We appreciate your diligence in ensuring the completeness of our manuscript.

Comment 15:

Line 223-224. CO2 concentration was measured by using FID? Porapak Q chromatographic column was sufficient?

Response 15:

Thank you for your valuable feedback. We fully agree with your concern that the use of a FID detector and N₂ carrier gas alone is not sufficient for the effective detection of carbon dioxide (CO₂). We apologize for the lack of clarity in the previous wording and have made the necessary corrections in the revised version (lines 175-189).

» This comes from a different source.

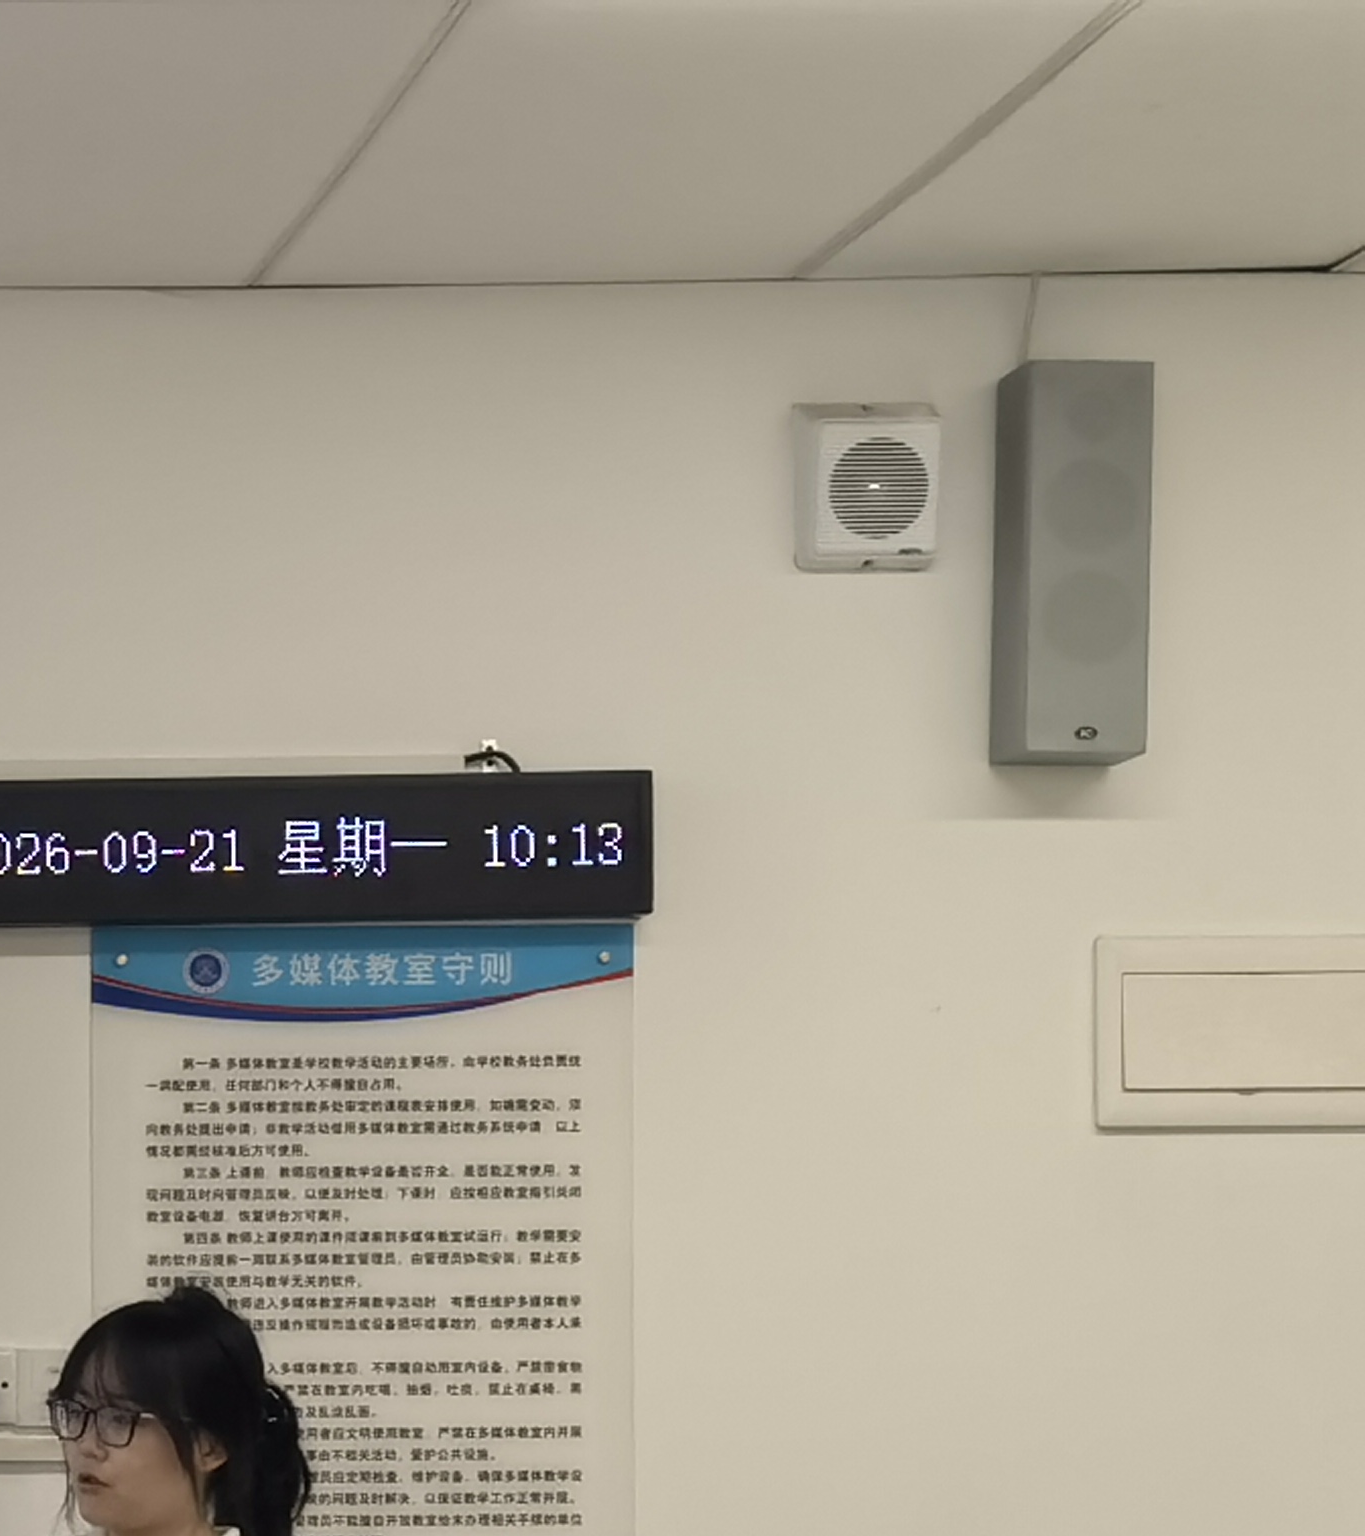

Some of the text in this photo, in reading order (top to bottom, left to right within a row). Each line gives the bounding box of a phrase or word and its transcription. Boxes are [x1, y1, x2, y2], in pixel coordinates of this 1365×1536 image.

In practice we use a stable catalyst gas analysis gas chromatography (GC) method developed by Agilent for the analysis of gases produced by the carbon dioxide technology.

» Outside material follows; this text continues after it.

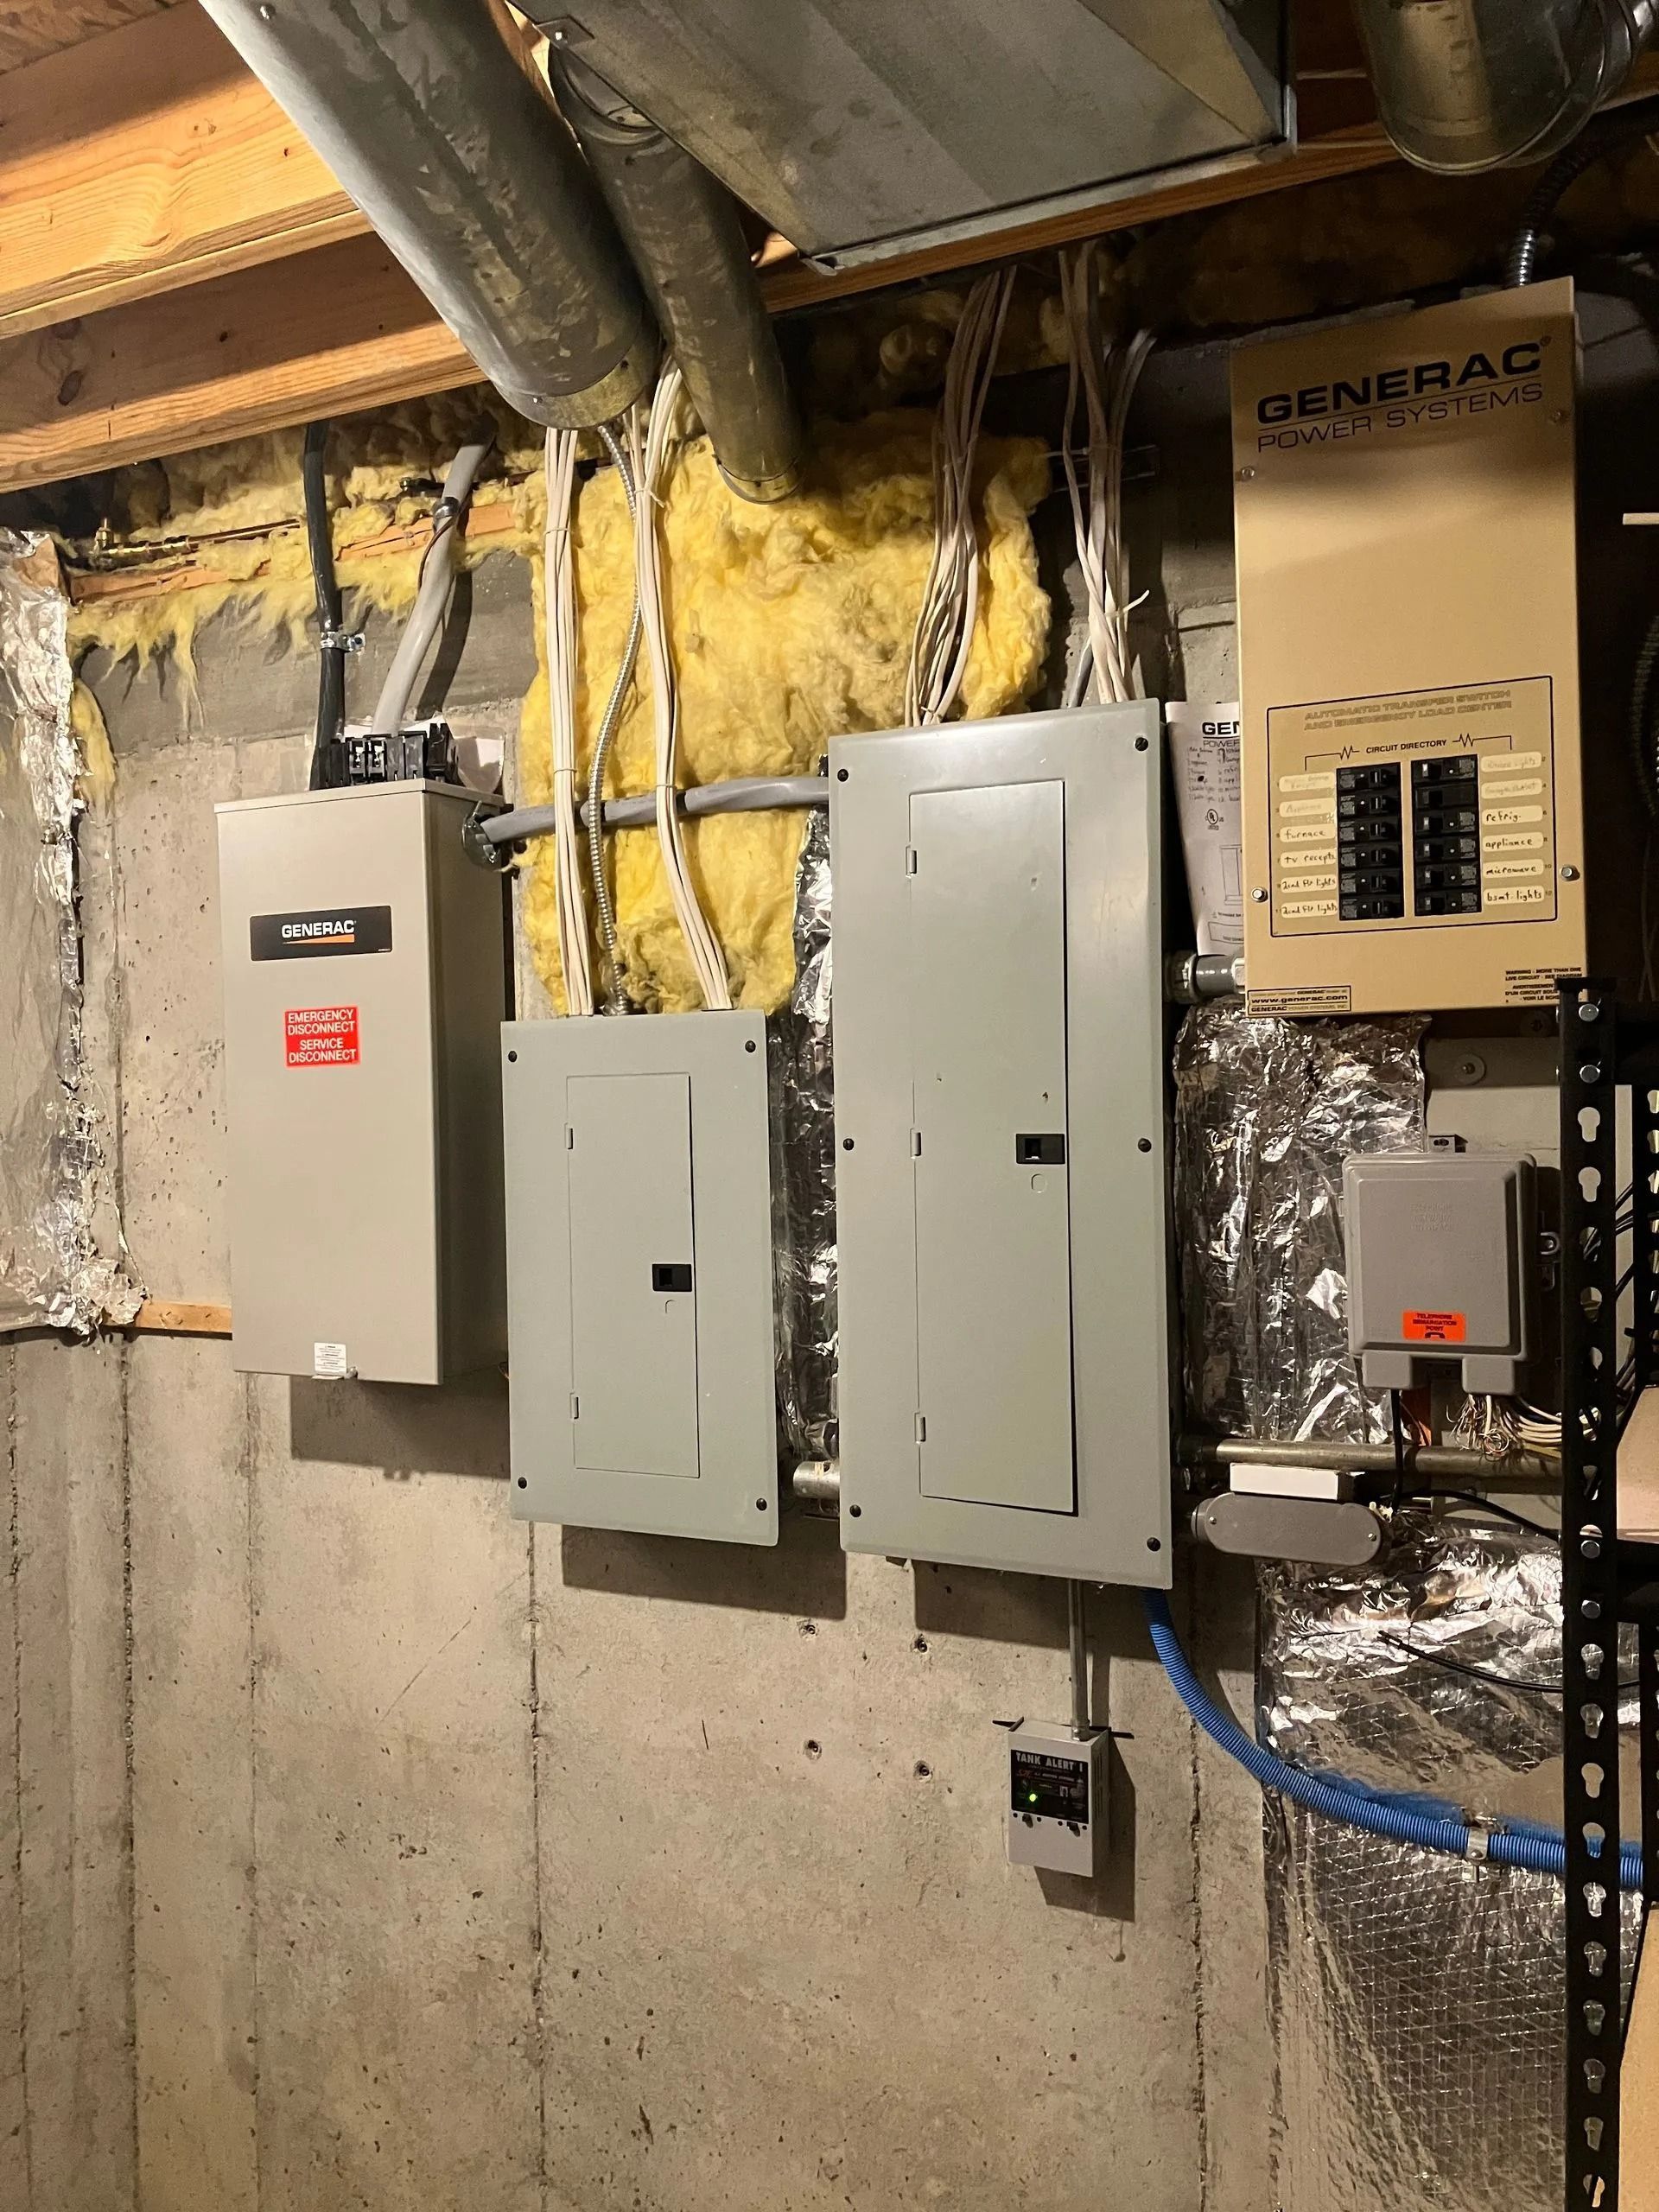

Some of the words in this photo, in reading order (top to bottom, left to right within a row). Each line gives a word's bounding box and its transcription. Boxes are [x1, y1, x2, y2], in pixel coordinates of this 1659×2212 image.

The GC is a multi-dimensional design that uses thermal conductivity and a flame ionization detector (FID) combined with a nickel catalyst to analyse hydrogen (H₂), oxygen (O₂), nitrogen (N₂), methane (CH₄), carbon monoxide (CO), carbon dioxide (CO₂), and hydrocarbons from C1 to C6. The design is unique in its ability to measure both permanent gases and hydrocarbons. The system detects H₂, O₂, N₂, CH₄, CO, and CO₂ up to the 100 ppm limit using TCD, and detects CH₄, CO, CO₂, and hydrocarbons from C2 to C6 at the 0.1 ppm level using Catalyst-FID, allowing for greater detection range.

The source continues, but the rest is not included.